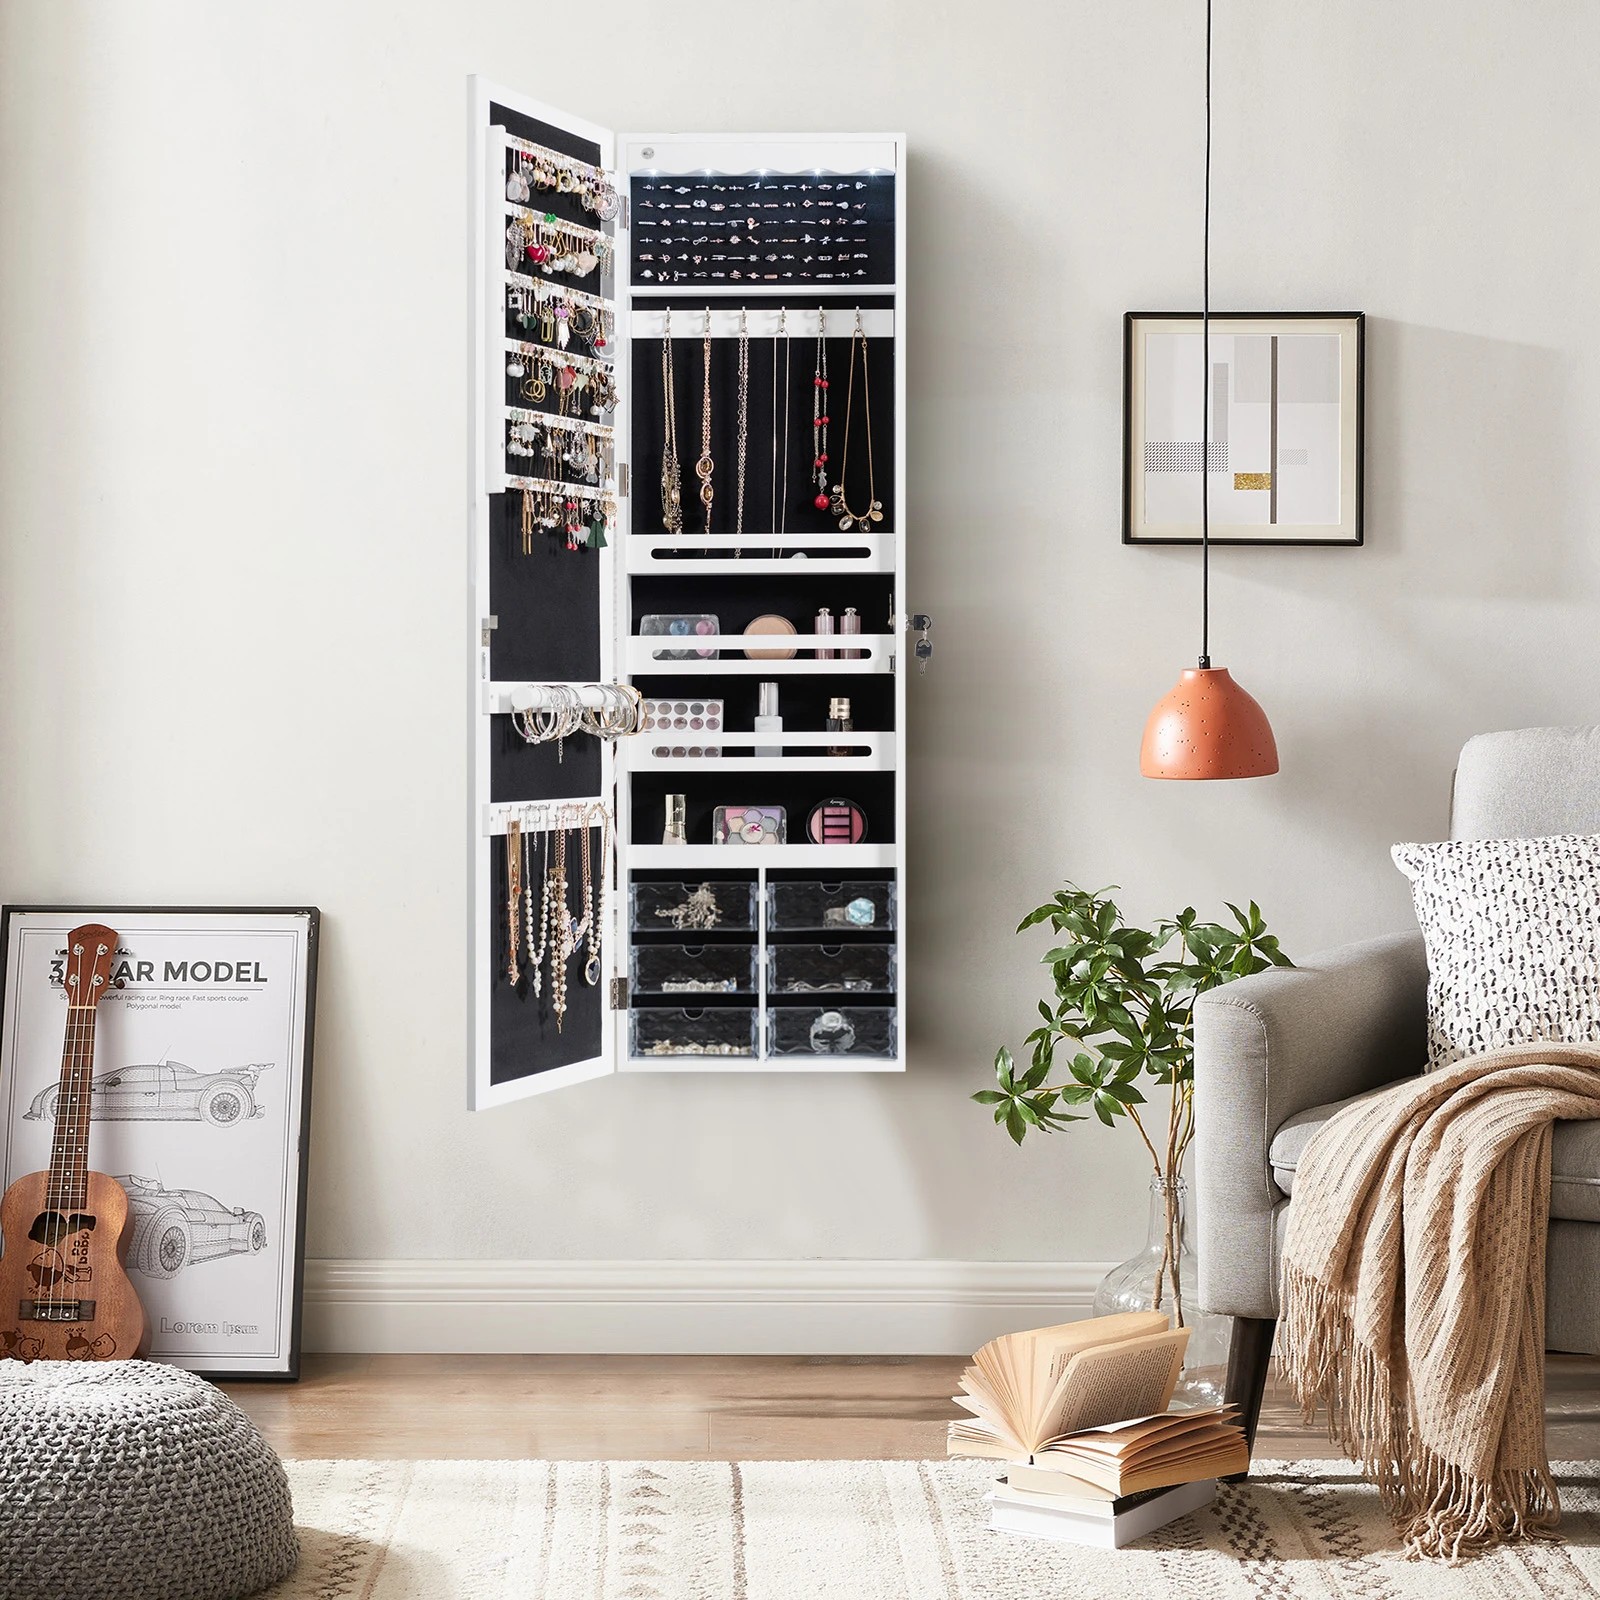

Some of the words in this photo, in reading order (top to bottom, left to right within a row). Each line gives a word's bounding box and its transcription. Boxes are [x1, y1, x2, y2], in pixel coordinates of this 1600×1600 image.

[110, 961, 155, 982] AR
[163, 961, 268, 982] MODEL
[125, 993, 145, 1002] racing
[159, 994, 175, 1002] Ring
[192, 994, 206, 1002] Fast
[206, 995, 227, 1003] sports
[126, 1002, 158, 1010] Polygonal
[160, 1317, 218, 1334] Lorem

----

When you set down the material above, keep every word exact and include no pictures.

Some of the words in this photo, in reading order (top to bottom, left to right within a row). Each line gives a word's bounding box and its transcription. Boxes are [x1, y1, x2, y2], in pixel coordinates of this 1600×1600 image.

[110, 961, 155, 982] AR
[163, 961, 268, 982] MODEL
[125, 993, 145, 1002] racing
[159, 994, 175, 1002] Ring
[192, 994, 206, 1002] Fast
[206, 995, 227, 1003] sports
[126, 1002, 158, 1010] Polygonal
[160, 1317, 218, 1334] Lorem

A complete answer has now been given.